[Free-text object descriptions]
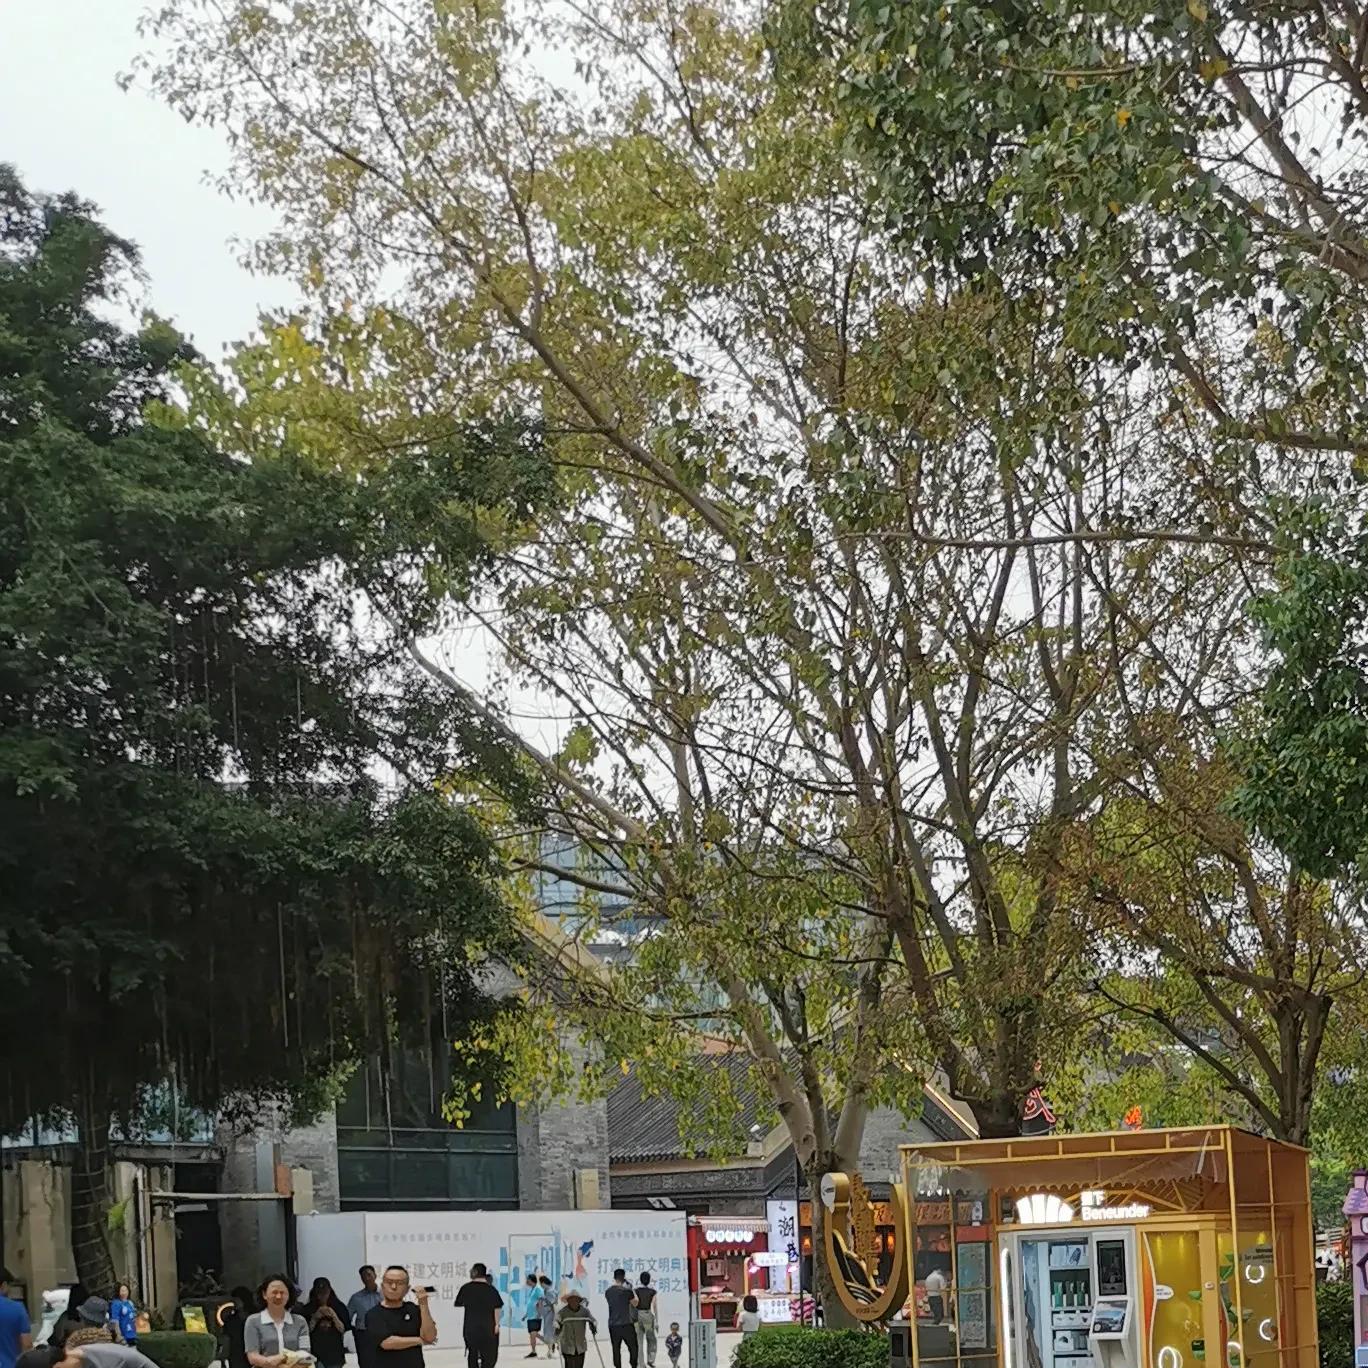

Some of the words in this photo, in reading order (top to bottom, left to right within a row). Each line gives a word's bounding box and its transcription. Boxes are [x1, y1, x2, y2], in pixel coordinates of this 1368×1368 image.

[1081, 1203, 1150, 1221] Beneunder
[598, 1256, 686, 1274] 打造城市文明典
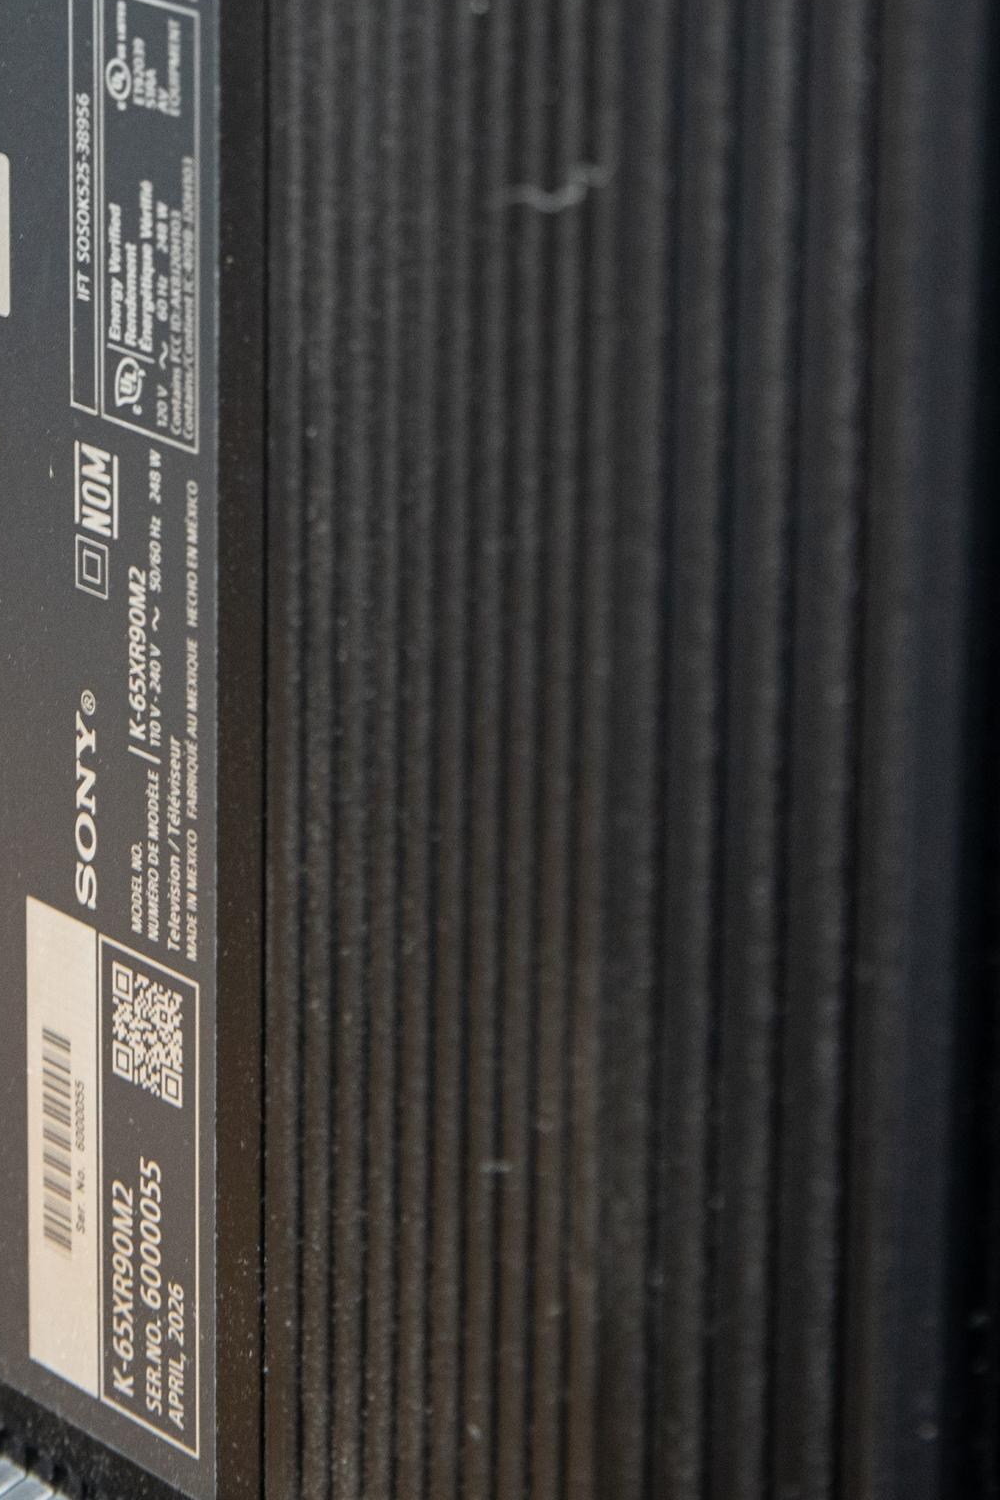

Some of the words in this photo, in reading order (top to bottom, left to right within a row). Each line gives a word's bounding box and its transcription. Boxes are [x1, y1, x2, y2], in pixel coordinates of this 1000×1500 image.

[157, 201, 168, 219] W
[108, 202, 121, 273] Verified
[76, 270, 91, 302] IFT
[108, 278, 123, 342] Energy
[125, 242, 137, 347] Rendement
[157, 275, 168, 297] Hz
[157, 298, 168, 322] 60
[157, 385, 168, 398] V
[157, 401, 168, 427] 120
[170, 367, 181, 435] Contains
[149, 449, 161, 468] W
[81, 442, 112, 537] NOM
[149, 471, 161, 503] 248
[185, 480, 199, 544] MÉXICO
[149, 516, 161, 539] Hz
[149, 540, 161, 593] 50/60
[186, 546, 199, 569] EN
[186, 571, 199, 628] HECHO
[128, 565, 147, 741] K-65XR90M2
[149, 643, 161, 656] V
[186, 637, 199, 712] MEXIQUE
[149, 660, 161, 694] 240
[150, 704, 161, 717] V
[150, 720, 161, 747] 110
[187, 714, 198, 739] AU
[145, 769, 160, 840] MODÈLE
[167, 735, 181, 836] Téléviseur
[184, 740, 199, 820] FABRIQUÉ
[131, 841, 143, 871] NO.
[148, 842, 160, 866] DE
[168, 838, 181, 852] /
[187, 829, 198, 891] MEXICO
[131, 872, 143, 934] MODEL
[146, 868, 160, 942] NUMÉRO
[167, 855, 181, 951] Television
[187, 893, 198, 912] IN
[187, 914, 198, 962] MADE
[76, 1166, 85, 1194] No.
[140, 1156, 161, 1310] 6000055
[112, 1179, 134, 1397] K-65XR90M2
[168, 1281, 184, 1346] 2026
[146, 1319, 162, 1416] SER.NO.
[168, 1352, 186, 1430] APRIL,

▸ Aim of the task:
Although the records contain pictures, the copy should hold only their text, reproduced exactly.

▸ Exercise answer:
Some of the words in this photo, in reading order (top to bottom, left to right within a row). Each line gives a word's bounding box and its transcription. Boxes are [x1, y1, x2, y2], in pixel coordinates of this 1368×1368 image.

[1081, 1203, 1150, 1221] Beneunder
[598, 1256, 686, 1274] 打造城市文明典

Some of the words in this photo, in reading order (top to bottom, left to right within a row). Each line gives a word's bounding box and its transcription. Boxes are [x1, y1, x2, y2], in pixel coordinates of this 1000×1500 image.

[157, 201, 168, 219] W
[108, 202, 121, 273] Verified
[76, 270, 91, 302] IFT
[108, 278, 123, 342] Energy
[125, 242, 137, 347] Rendement
[157, 275, 168, 297] Hz
[157, 298, 168, 322] 60
[157, 385, 168, 398] V
[157, 401, 168, 427] 120
[170, 367, 181, 435] Contains
[149, 449, 161, 468] W
[81, 442, 112, 537] NOM
[149, 471, 161, 503] 248
[185, 480, 199, 544] MÉXICO
[149, 516, 161, 539] Hz
[149, 540, 161, 593] 50/60
[186, 546, 199, 569] EN
[186, 571, 199, 628] HECHO
[128, 565, 147, 741] K-65XR90M2
[149, 643, 161, 656] V
[186, 637, 199, 712] MEXIQUE
[149, 660, 161, 694] 240
[150, 704, 161, 717] V
[150, 720, 161, 747] 110
[187, 714, 198, 739] AU
[145, 769, 160, 840] MODÈLE
[167, 735, 181, 836] Téléviseur
[184, 740, 199, 820] FABRIQUÉ
[131, 841, 143, 871] NO.
[148, 842, 160, 866] DE
[168, 838, 181, 852] /
[187, 829, 198, 891] MEXICO
[131, 872, 143, 934] MODEL
[146, 868, 160, 942] NUMÉRO
[167, 855, 181, 951] Television
[187, 893, 198, 912] IN
[187, 914, 198, 962] MADE
[76, 1166, 85, 1194] No.
[140, 1156, 161, 1310] 6000055
[112, 1179, 134, 1397] K-65XR90M2
[168, 1281, 184, 1346] 2026
[146, 1319, 162, 1416] SER.NO.
[168, 1352, 186, 1430] APRIL,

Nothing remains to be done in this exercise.